L'industrie espagnole veut se positionner dans la QKD League des clés quantiques
- Une nouvelle ère s'ouvre pour les communications sécurisées
- Des millions de photons au service de la sécurité nationale
Alors que l'on vient de célébrer le 68e anniversaire de la mise en orbite du premier satellite artificiel de la Terre, Sputnik-1, par l'ancienne Union soviétique, l'industrie spatiale espagnole est déterminée à jouer dans la 1re division de la Ligue QKD extraterrestre.
Il s'agit d'un bouclier invisible qui vise à empêcher les ordinateurs quantiques, qui devraient voir le jour dans les années 2030, de déchiffrer tout message secret crypté, même avec les algorithmes les plus sophistiqués.
Les analystes technologiques sont convaincus que les ordinateurs quantiques atteindront la supériorité totale dans les 5 à 10 prochaines années et qu'à partir de là, les agences de renseignement et les institutions officielles des nations qui en disposent, mais aussi les pirates informatiques et les organisations criminelles, « seront capables, en moins d'une heure, de briser les clés asymétriques inviolables actuellement utilisées par les gouvernements, les institutions financières et les grandes entreprises », affirme Ángel Álvaro, directeur technique du projet QKD chez Thales Alenia Space España.
Le lancement de l'initiative nationale QKD s'inscrit dans le cadre des Fonds européens de relance via le PERTE Aérospatial du ministère des Sciences et bénéficie d'un financement du Centre pour le développement technologique et l'innovation (CDTI). Conçue pour « blindage » des communications de données et d'informations secrètes, sa raison d'être est d'anticiper l'arrivée imminente de l'informatique quantique, tout en renforçant l'infrastructure de communications sécurisées de l'Union européenne.

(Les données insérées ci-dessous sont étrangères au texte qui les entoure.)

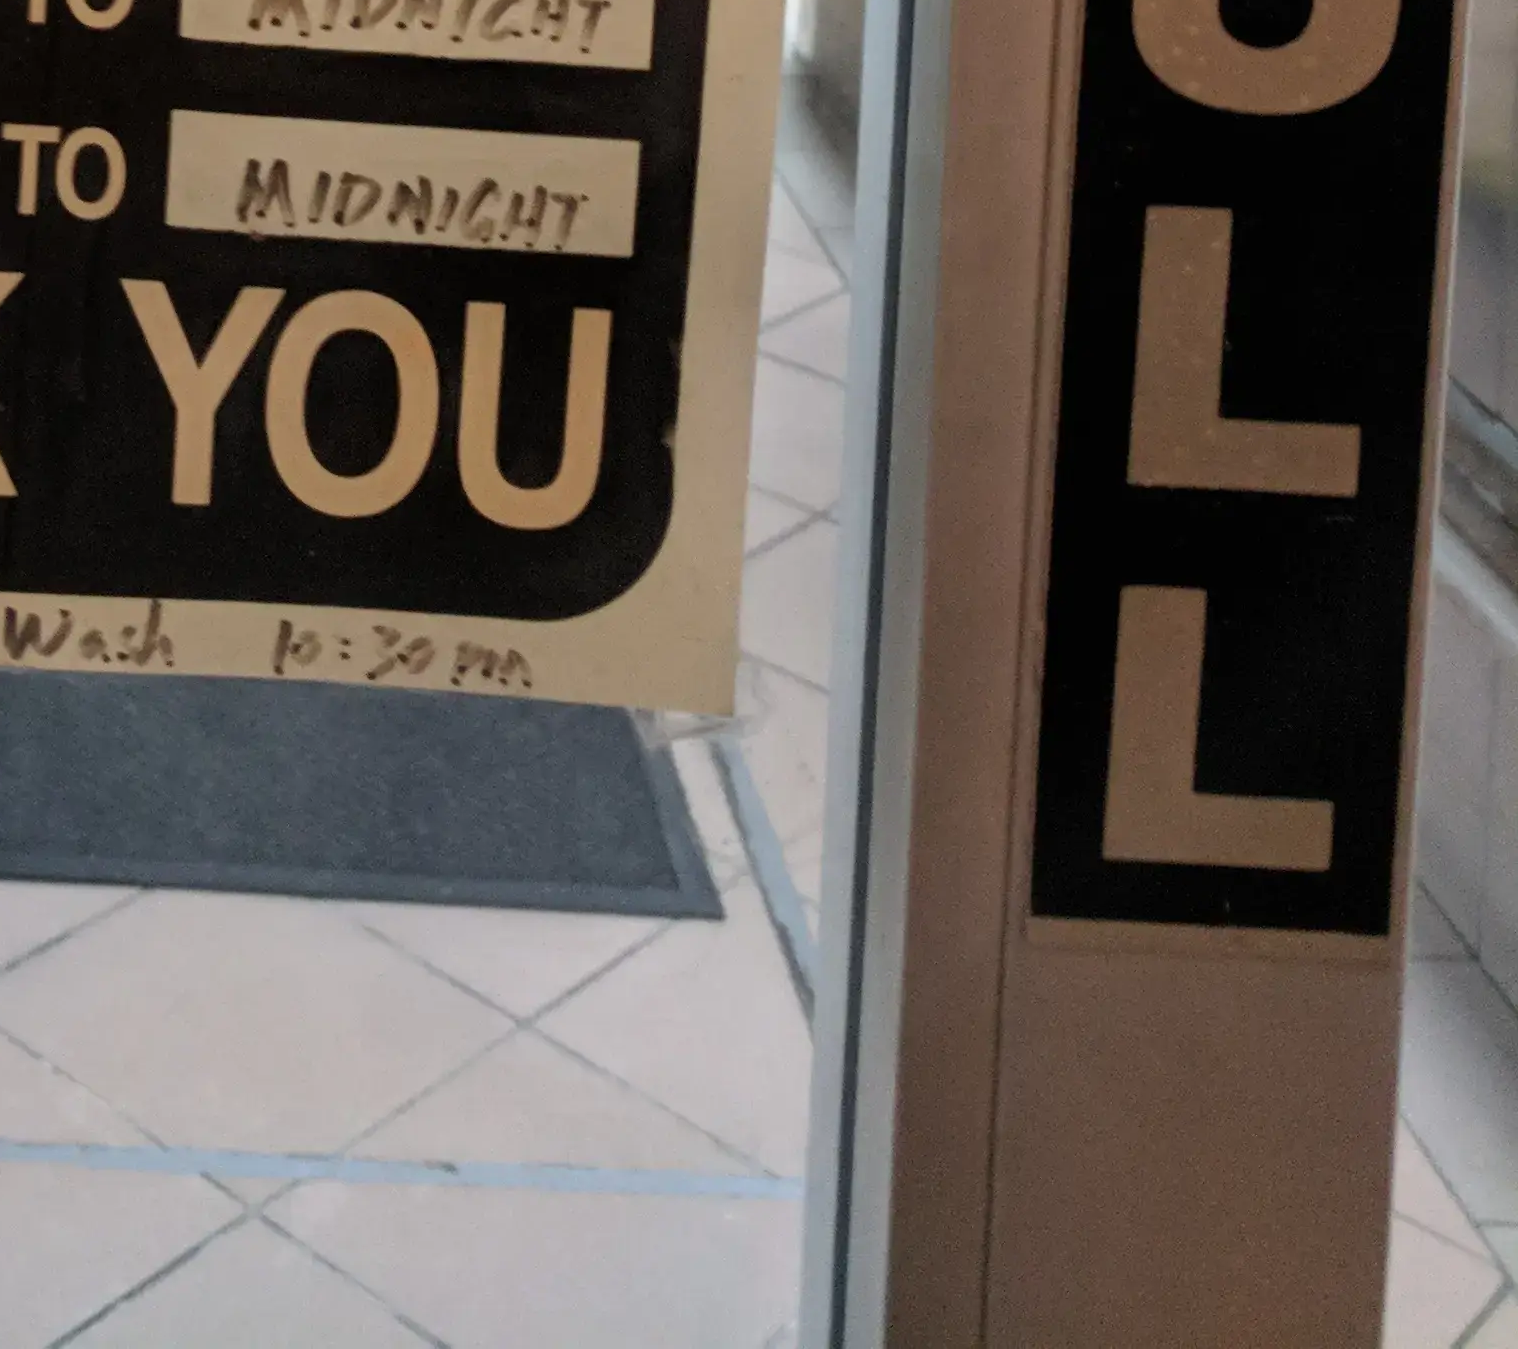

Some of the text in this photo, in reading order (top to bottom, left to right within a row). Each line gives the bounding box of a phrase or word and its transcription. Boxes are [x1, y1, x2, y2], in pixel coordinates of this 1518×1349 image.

Deux consortiums d'entreprises espagnoles travaillent d'arrache-pied sur deux projets de distribution de clés quantiques ou QKD, acronyme de l'anglais Quantum Key Distribution. Les deux sont très différents, mais ont le même objectif : développer des systèmes quantiques de cryptage par satellite afin de constituer une barrière qui freine les cyberattaques et le cyberespionnage sur les communications entre deux interlocuteurs de haut niveau politique, militaire, économique ou financier.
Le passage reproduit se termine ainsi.